## Work instruction:
Start to finish, print the data below exactly, without the images.

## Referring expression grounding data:
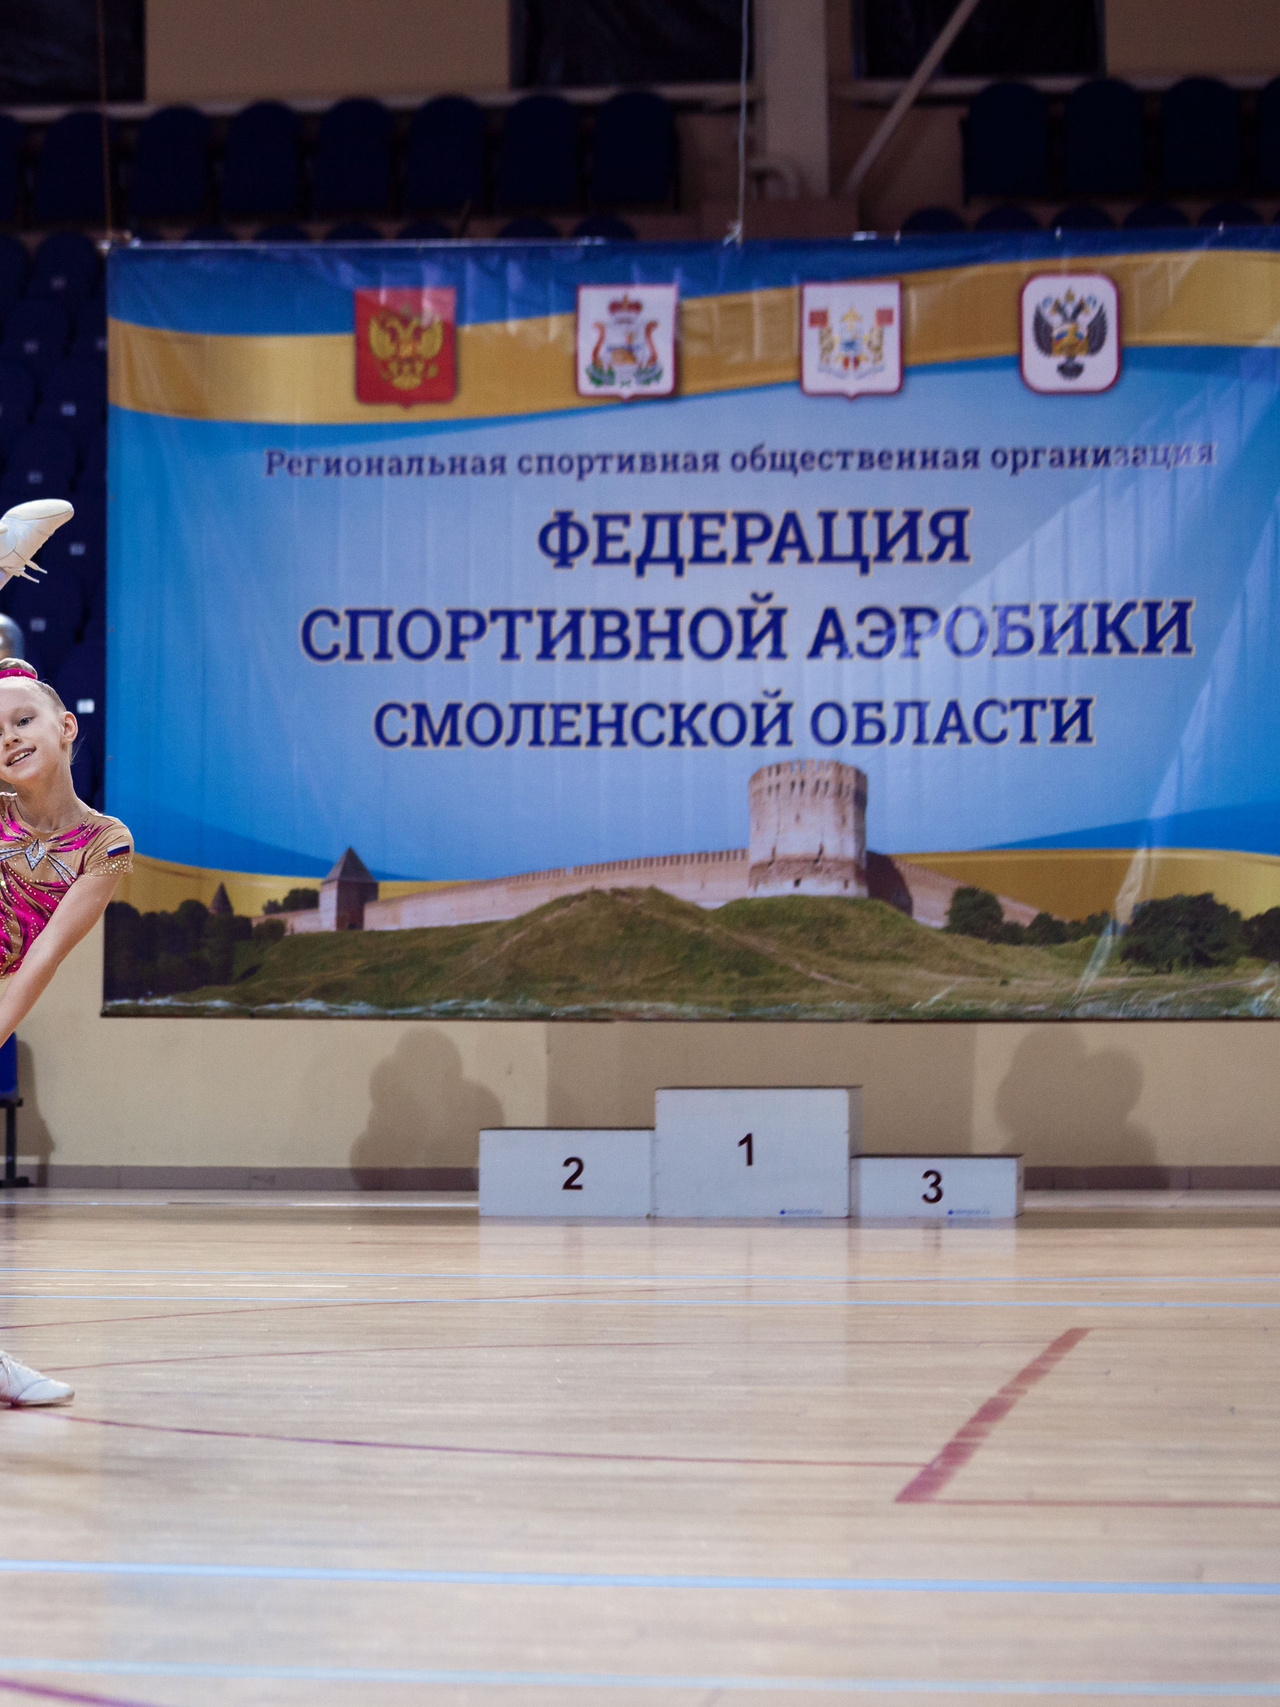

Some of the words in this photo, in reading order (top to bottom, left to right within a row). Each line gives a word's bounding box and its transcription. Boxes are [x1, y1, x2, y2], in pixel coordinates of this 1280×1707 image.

[264, 449, 507, 477] Региональная
[519, 449, 720, 481] спортивная
[730, 442, 980, 476] общественная
[991, 440, 1217, 476] организация
[538, 508, 971, 577] ФЕДЕРАЦИЯ
[301, 592, 789, 664] СПОРТИВНОЙ
[806, 600, 1194, 659] АЭРОБИКИ
[373, 691, 793, 749] СМОЛЕНСКОЙ
[810, 697, 1094, 747] ОБЛАСТИ
[737, 1133, 755, 1167] 1
[561, 1157, 585, 1191] 2
[921, 1170, 944, 1204] 3
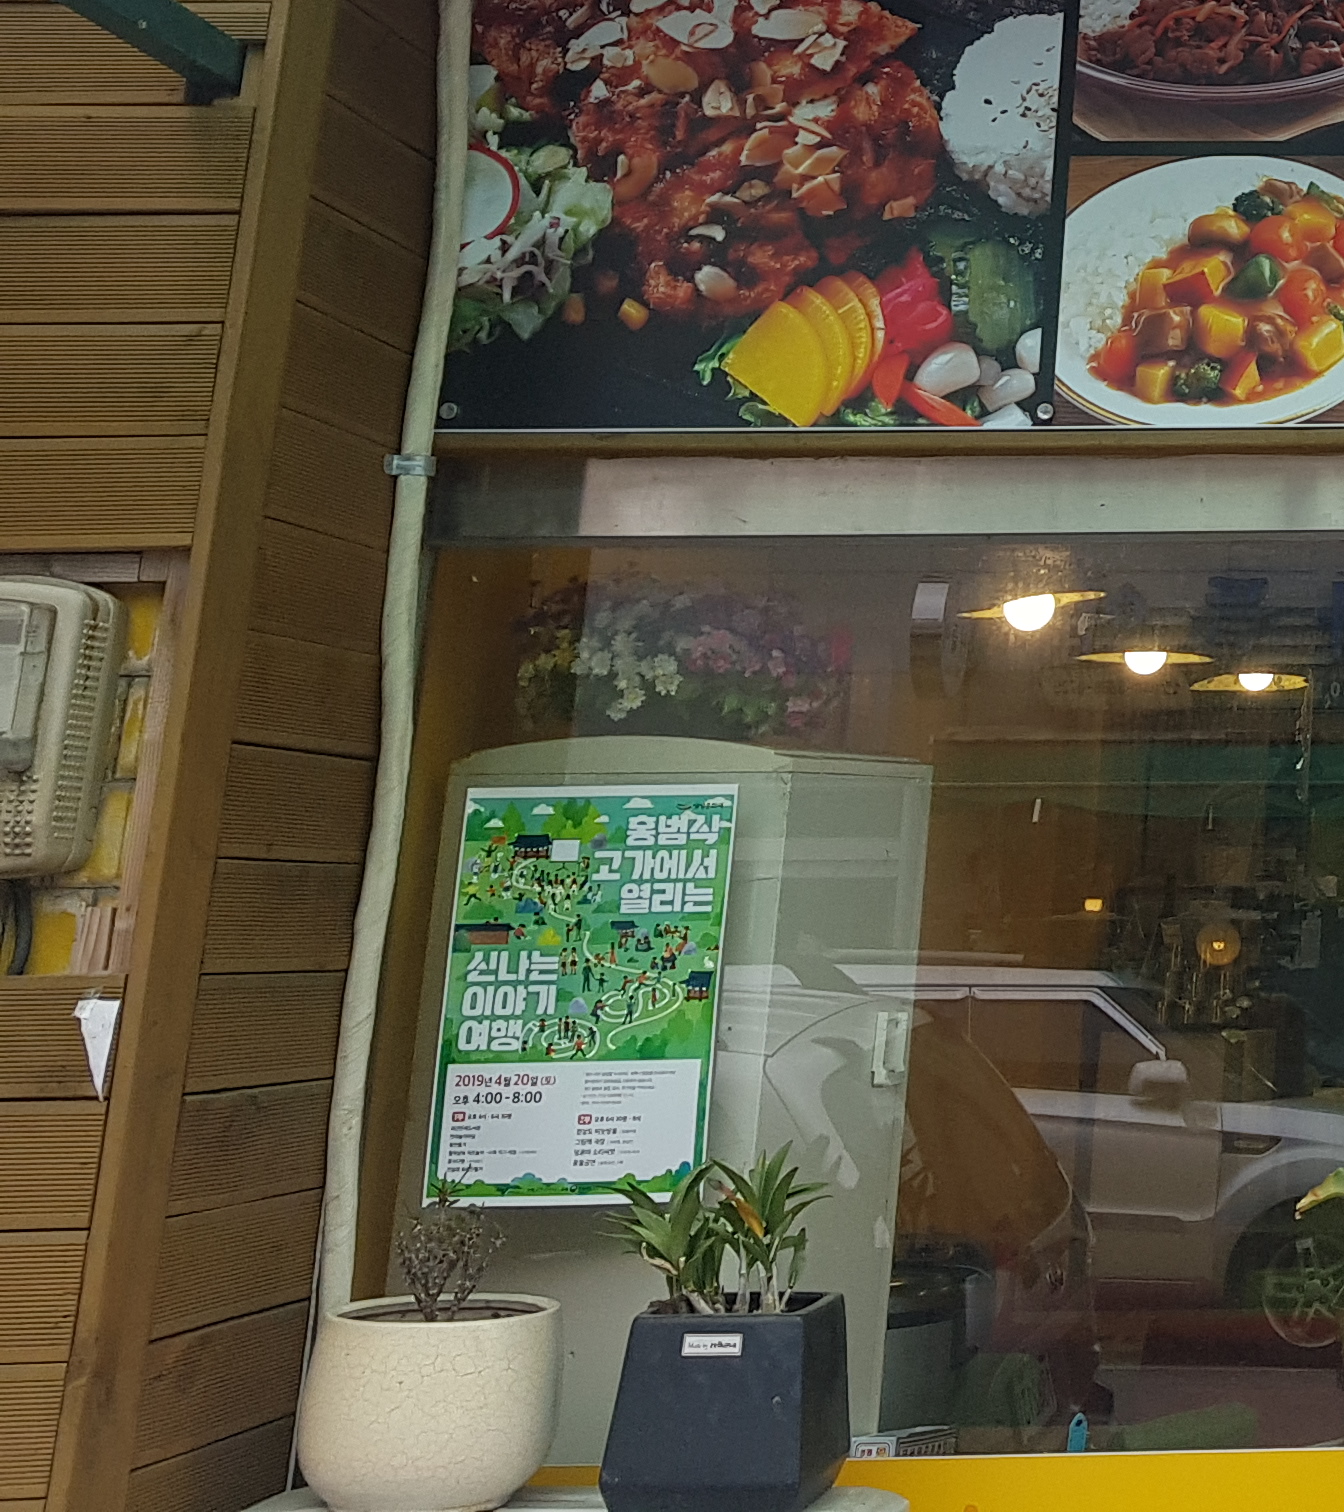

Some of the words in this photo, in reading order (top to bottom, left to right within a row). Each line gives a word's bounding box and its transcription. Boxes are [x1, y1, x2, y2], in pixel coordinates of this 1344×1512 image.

[626, 814, 720, 846] 홍범식
[592, 849, 717, 880] 고가에서
[619, 882, 714, 914] 열리는
[467, 950, 559, 982] 신나는
[462, 984, 557, 1016] 이야기
[457, 1019, 523, 1051] 여행

## Finished task:
Some of the words in this photo, in reading order (top to bottom, left to right within a row). Each line gives a word's bounding box and its transcription. Boxes are [x1, y1, x2, y2], in pixel coordinates of this 1280×1707 image.

[264, 449, 507, 477] Региональная
[519, 449, 720, 481] спортивная
[730, 442, 980, 476] общественная
[991, 440, 1217, 476] организация
[538, 508, 971, 577] ФЕДЕРАЦИЯ
[301, 592, 789, 664] СПОРТИВНОЙ
[806, 600, 1194, 659] АЭРОБИКИ
[373, 691, 793, 749] СМОЛЕНСКОЙ
[810, 697, 1094, 747] ОБЛАСТИ
[737, 1133, 755, 1167] 1
[561, 1157, 585, 1191] 2
[921, 1170, 944, 1204] 3

Some of the words in this photo, in reading order (top to bottom, left to right within a row). Each line gives a word's bounding box and its transcription. Boxes are [x1, y1, x2, y2], in pixel coordinates of this 1344×1512 image.

[626, 814, 720, 846] 홍범식
[592, 849, 717, 880] 고가에서
[619, 882, 714, 914] 열리는
[467, 950, 559, 982] 신나는
[462, 984, 557, 1016] 이야기
[457, 1019, 523, 1051] 여행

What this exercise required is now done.